Quebec’s real locus of power is a two-hour drive northeast, behind the old ramparts built to stave off the English. Apart from housing the National Assembly, Quebec City is prone to fits of populism that have of late benefited the CAQ, which represents 80 per cent of Quebec City’s ridings. By comparison, the party represents less than eight per cent of Montreal-area ridings.

On paper, at least, this has benefited Quebec City mightily. In 2018, the party published “Priorité Capitale,” a 20-page report laden with promises to, among other things, fix Quebec City’s bridges, expand its airport, gussy up its churches and dig a $7-billion, eight-kilometre tunnel under Quebec City to ease the commutes of some 50,000 suburbanites a day. No lesser figure than the province’s finance minister is officially tasked with wooing the NHL for a return of the Québec Nordiques. Meanwhile, Montreal can’t get a minister to set foot in the city as it struggles through a spate of deadly shootings.

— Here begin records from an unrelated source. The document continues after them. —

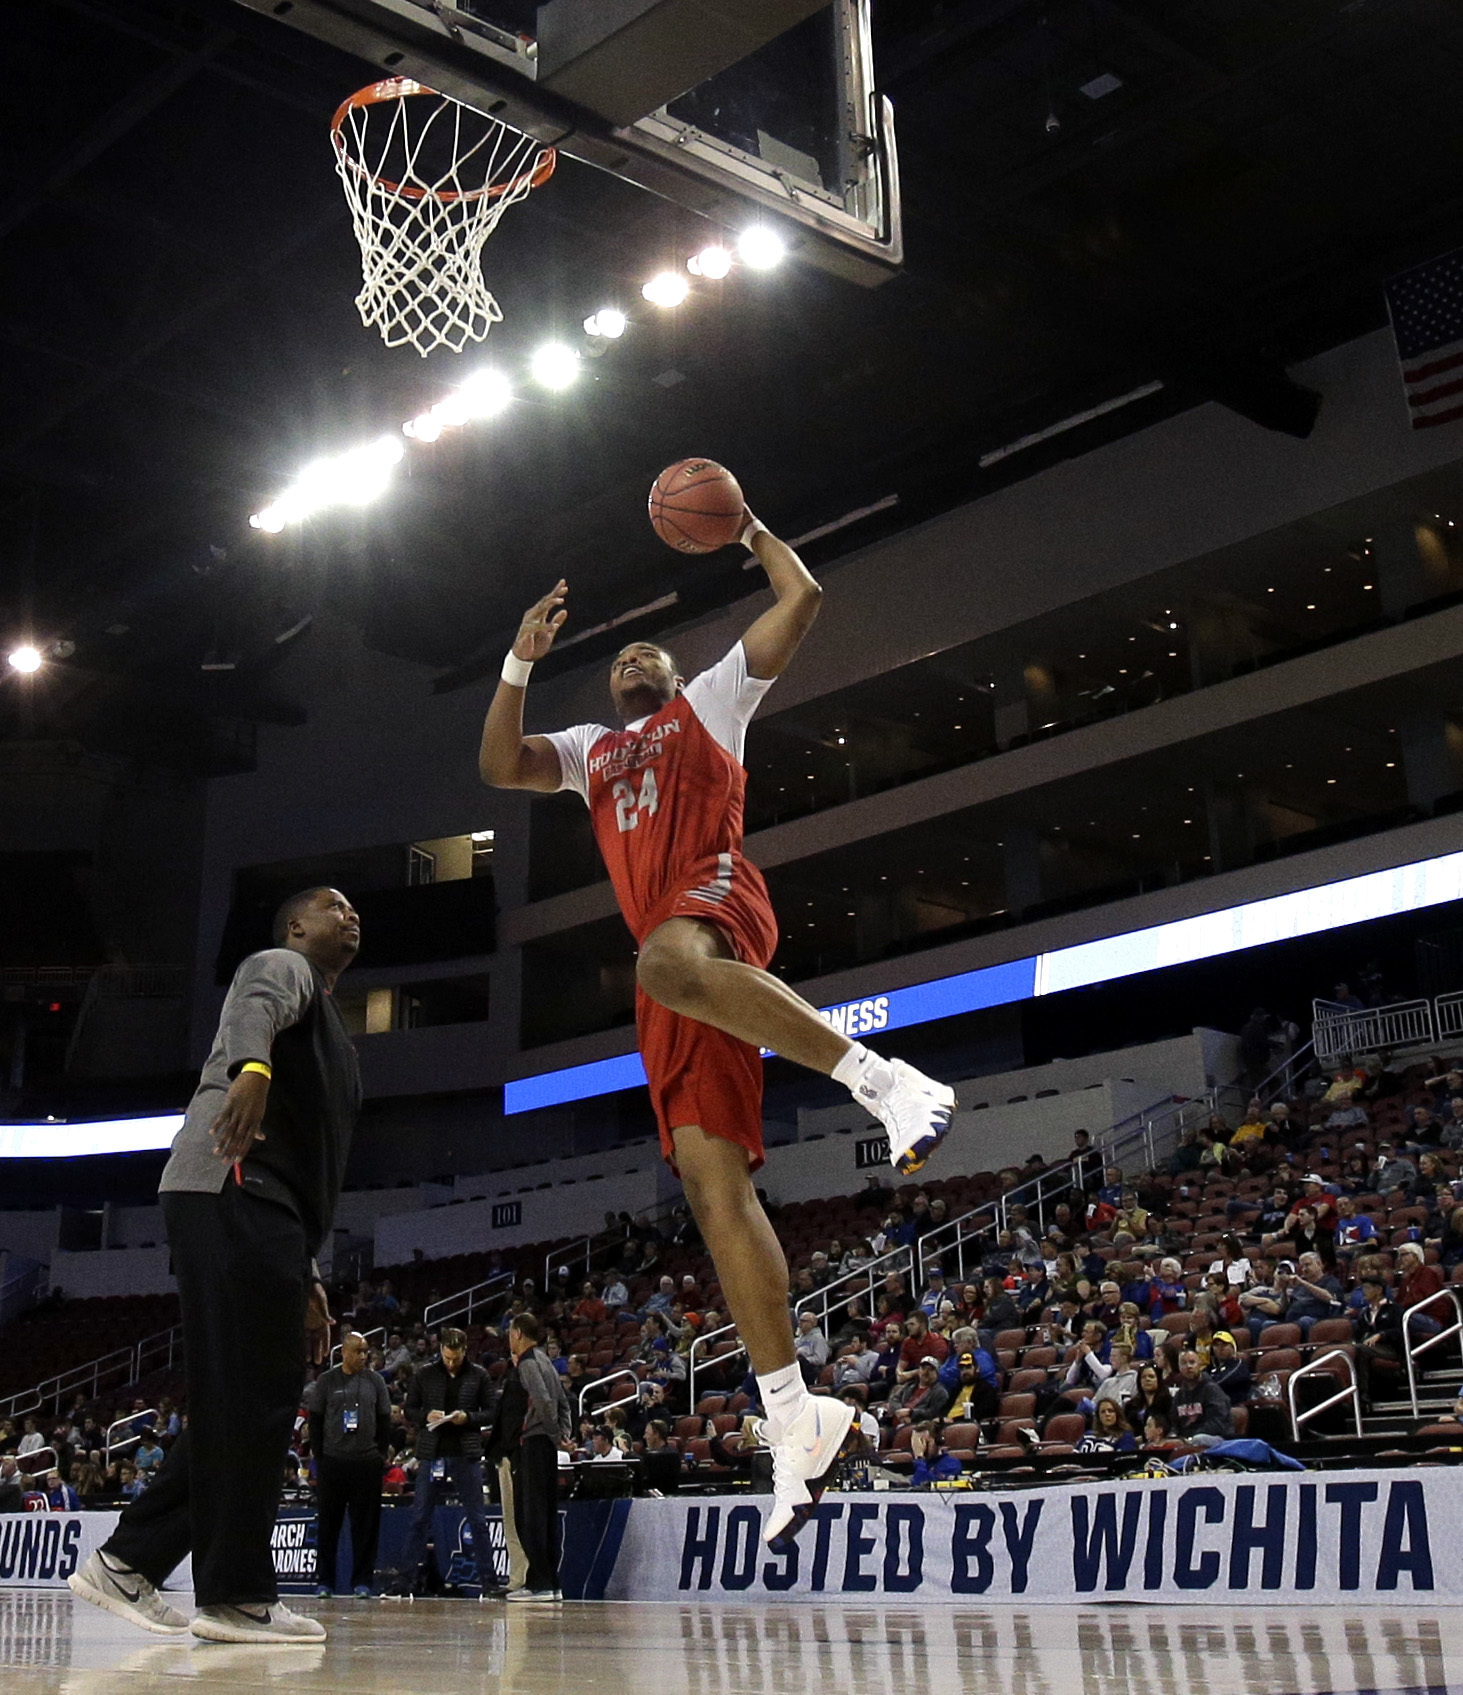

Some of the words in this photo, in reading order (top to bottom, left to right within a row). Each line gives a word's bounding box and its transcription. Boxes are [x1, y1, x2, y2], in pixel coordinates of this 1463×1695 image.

[612, 767, 658, 833] 24
[497, 1204, 517, 1225] 101
[0, 1520, 81, 1579] UNDS
[270, 1523, 306, 1548] ARCH
[678, 1501, 925, 1593] HOSTED
[951, 1498, 1044, 1594] BY
[1071, 1480, 1434, 1592] WICHITA

I wanted to know whether these favours are lifting Quebec City’s prospects, so I looked to the city’s startups for answers. This wasn’t an accidental choice. Startups tend to pay well—a data analyst makes an average of $33.65 an hour in the province—thereby providing exactly the kind of “quality jobs” Legault set about creating during the 2018 election cycle. 

So how appreciative were these startup types of all this attention? Not very, it turns out. 

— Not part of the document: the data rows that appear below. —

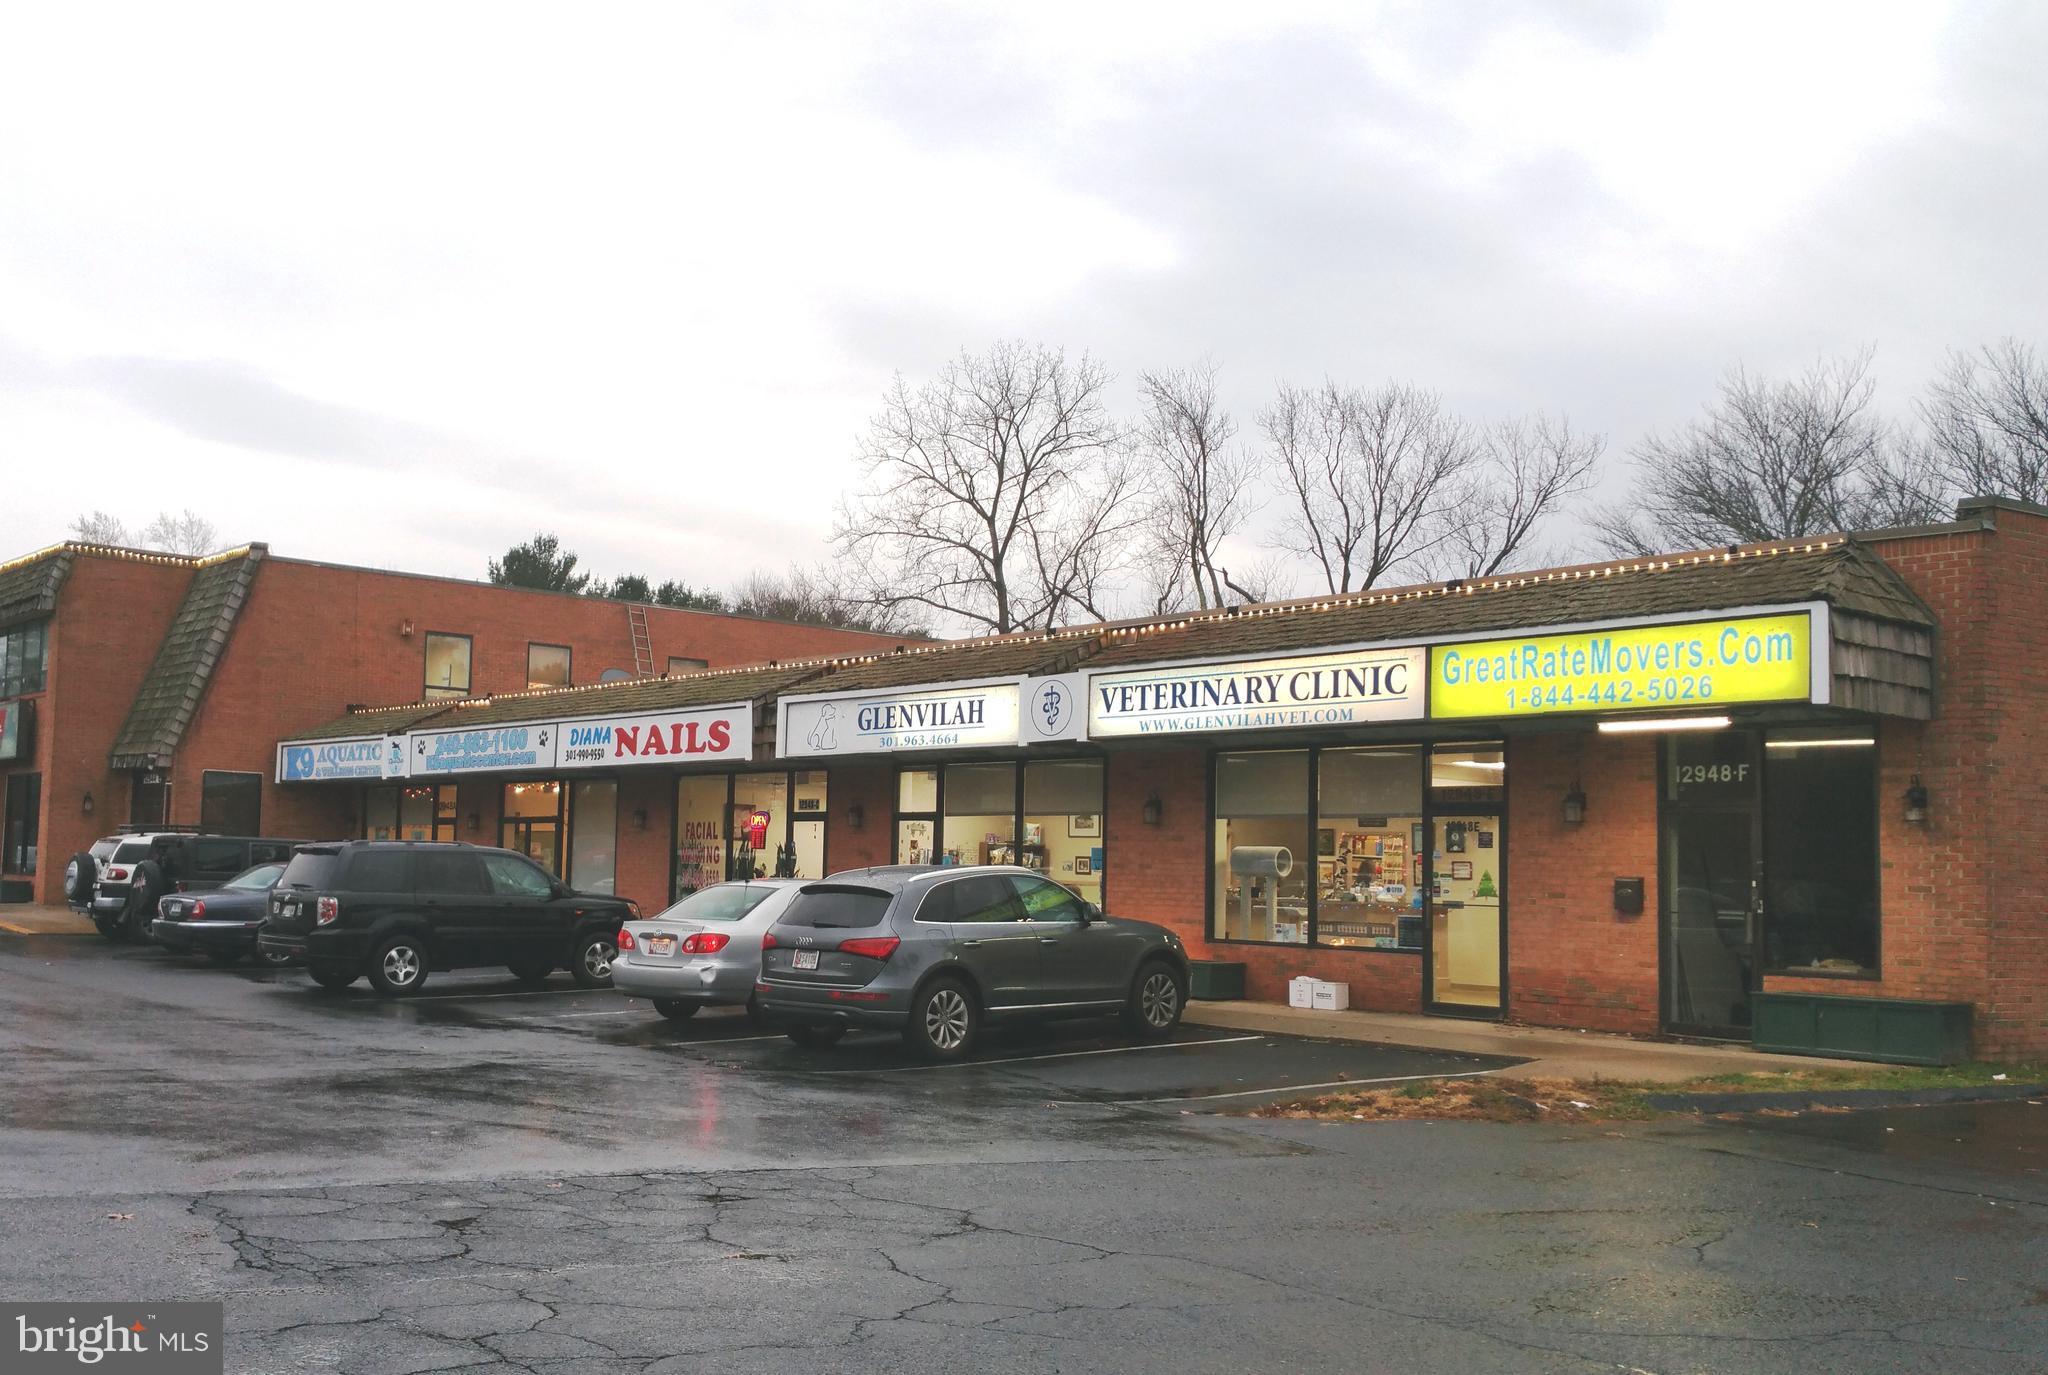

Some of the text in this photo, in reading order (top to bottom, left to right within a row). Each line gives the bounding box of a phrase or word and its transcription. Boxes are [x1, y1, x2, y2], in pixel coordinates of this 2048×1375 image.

[1443, 628, 1793, 685] GreatRateMovers.Com
[1100, 663, 1408, 713] VETERINARY CLINIC
[1506, 675, 1713, 709] 1-844-442-5026
[858, 699, 985, 731] GLENVILAH
[1139, 708, 1354, 732] WWW.GLENVILAHVET.COM
[570, 726, 612, 746] DIANA
[614, 720, 731, 757] NAILS
[879, 733, 959, 748] 301.963.4664
[286, 743, 383, 780] K9 AQUATIC
[565, 748, 605, 762] 301-990-9550
[685, 821, 719, 840] FACIAL
[751, 814, 767, 826] OPEN

First, an aside. Though not as big as its Montreal counterpart, Quebec City’s tech sector is thriving. There are 87 video-game companies in the city, generating $170 million in revenue, while the city’s ICT sector accounts for over four per cent of the regional GDP, according to statistics compiled by Québec International, the city’s economic development agency. A full 20 per cent of the population over the age of 15 is trained in new technologies, and as recently as 2018 the city had the highest employment rate in Canada among 25- to 54-year-olds. 

Helping drive the city’s tech sector is a compelling argument long used to sell Americans on Montreal: Quebec City is cheap by comparison. “Just in terms of salaries, to say nothing of housing and renting, everything is more expensive in Montreal. In terms of quality of life, it’s a 15-minute drive from one end of [Quebec City] to the other,” as Stéphane Guérin, president of marketing-tech startup DashThis, told me. “And the tech entrepreneur community is small, so it’s easy to rub shoulders.”

“Don’t say it too loud, because Montreal will try to poach from us, but we have an incredible talent pool here,” echoed Guillaume Duchesneau, whose software development firm Ingeno mostly serves U.S. tech firms. ”And, no false modesty, we develop products for startup companies in Silicon Valley, where they have access to the best resources in the world. And the fact that the companies there trusted Ingeno to develop their software for millions of their workers tells me something.”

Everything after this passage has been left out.